• **Data for this task**
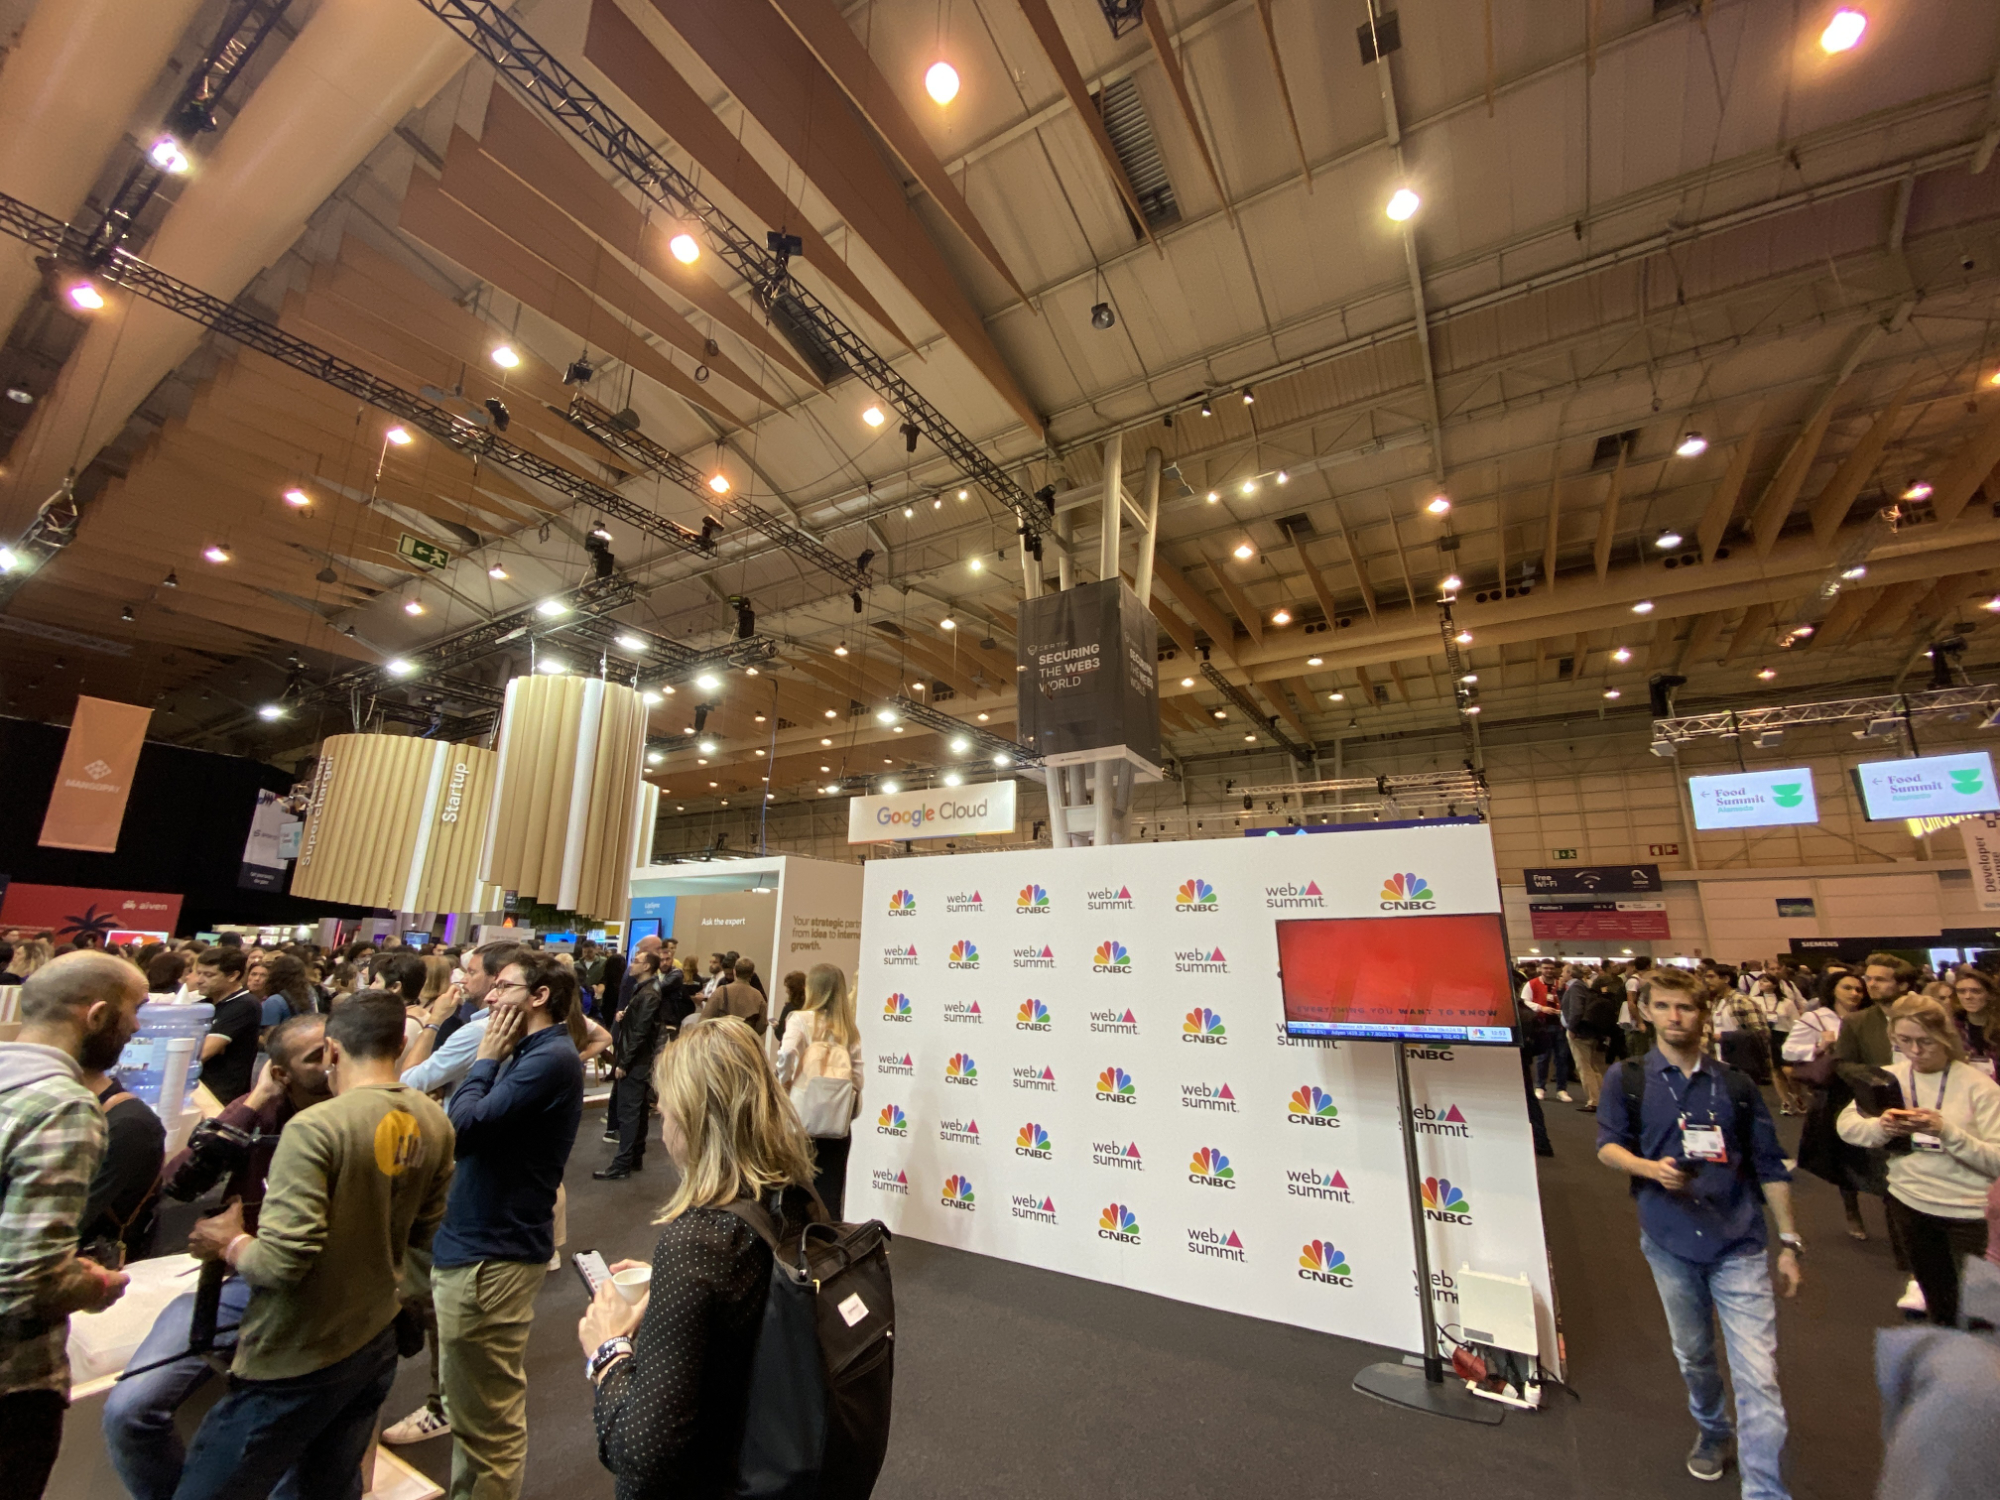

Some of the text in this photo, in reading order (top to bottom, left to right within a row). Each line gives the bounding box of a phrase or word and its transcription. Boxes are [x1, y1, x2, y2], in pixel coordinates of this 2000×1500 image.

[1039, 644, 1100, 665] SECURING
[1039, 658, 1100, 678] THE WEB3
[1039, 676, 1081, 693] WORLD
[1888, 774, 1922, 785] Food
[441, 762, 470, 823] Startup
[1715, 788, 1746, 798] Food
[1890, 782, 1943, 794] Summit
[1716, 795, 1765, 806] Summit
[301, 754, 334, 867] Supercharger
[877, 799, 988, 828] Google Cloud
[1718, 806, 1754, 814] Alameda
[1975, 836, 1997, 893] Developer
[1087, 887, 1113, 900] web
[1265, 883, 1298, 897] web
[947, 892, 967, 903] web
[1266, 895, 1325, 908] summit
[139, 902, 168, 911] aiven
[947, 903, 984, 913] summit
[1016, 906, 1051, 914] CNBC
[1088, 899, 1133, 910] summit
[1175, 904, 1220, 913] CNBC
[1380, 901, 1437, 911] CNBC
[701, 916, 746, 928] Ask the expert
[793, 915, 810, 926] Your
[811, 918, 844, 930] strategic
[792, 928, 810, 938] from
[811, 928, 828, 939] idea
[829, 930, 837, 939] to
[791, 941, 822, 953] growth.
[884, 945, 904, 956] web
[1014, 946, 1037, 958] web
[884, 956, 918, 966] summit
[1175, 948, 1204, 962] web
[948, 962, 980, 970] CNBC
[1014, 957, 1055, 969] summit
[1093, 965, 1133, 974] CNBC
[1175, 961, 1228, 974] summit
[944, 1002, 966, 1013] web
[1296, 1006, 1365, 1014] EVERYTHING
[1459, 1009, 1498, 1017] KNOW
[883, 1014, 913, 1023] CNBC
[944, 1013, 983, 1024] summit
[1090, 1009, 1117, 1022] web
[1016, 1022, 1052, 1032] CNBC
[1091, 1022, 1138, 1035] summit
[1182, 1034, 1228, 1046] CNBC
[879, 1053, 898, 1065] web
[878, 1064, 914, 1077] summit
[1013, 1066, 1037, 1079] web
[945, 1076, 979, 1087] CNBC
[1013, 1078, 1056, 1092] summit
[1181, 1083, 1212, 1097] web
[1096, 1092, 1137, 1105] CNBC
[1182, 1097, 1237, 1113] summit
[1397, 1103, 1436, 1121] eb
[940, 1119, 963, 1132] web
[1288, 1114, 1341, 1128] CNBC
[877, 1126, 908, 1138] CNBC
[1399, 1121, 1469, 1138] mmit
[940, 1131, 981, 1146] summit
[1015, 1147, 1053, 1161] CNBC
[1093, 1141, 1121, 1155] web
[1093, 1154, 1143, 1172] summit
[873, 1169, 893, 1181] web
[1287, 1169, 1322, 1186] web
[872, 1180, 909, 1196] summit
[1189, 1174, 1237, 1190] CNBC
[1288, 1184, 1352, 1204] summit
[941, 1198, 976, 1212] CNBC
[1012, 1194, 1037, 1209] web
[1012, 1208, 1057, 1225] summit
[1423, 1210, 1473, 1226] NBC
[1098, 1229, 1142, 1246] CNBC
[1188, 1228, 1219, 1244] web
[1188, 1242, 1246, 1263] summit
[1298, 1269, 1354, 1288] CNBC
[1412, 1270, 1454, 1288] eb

• **Work instruction**
Scan the listing for the string "Food", then copy every line where it appears.

• **Solution to this problem**
[1888, 774, 1922, 785] Food
[1715, 788, 1746, 798] Food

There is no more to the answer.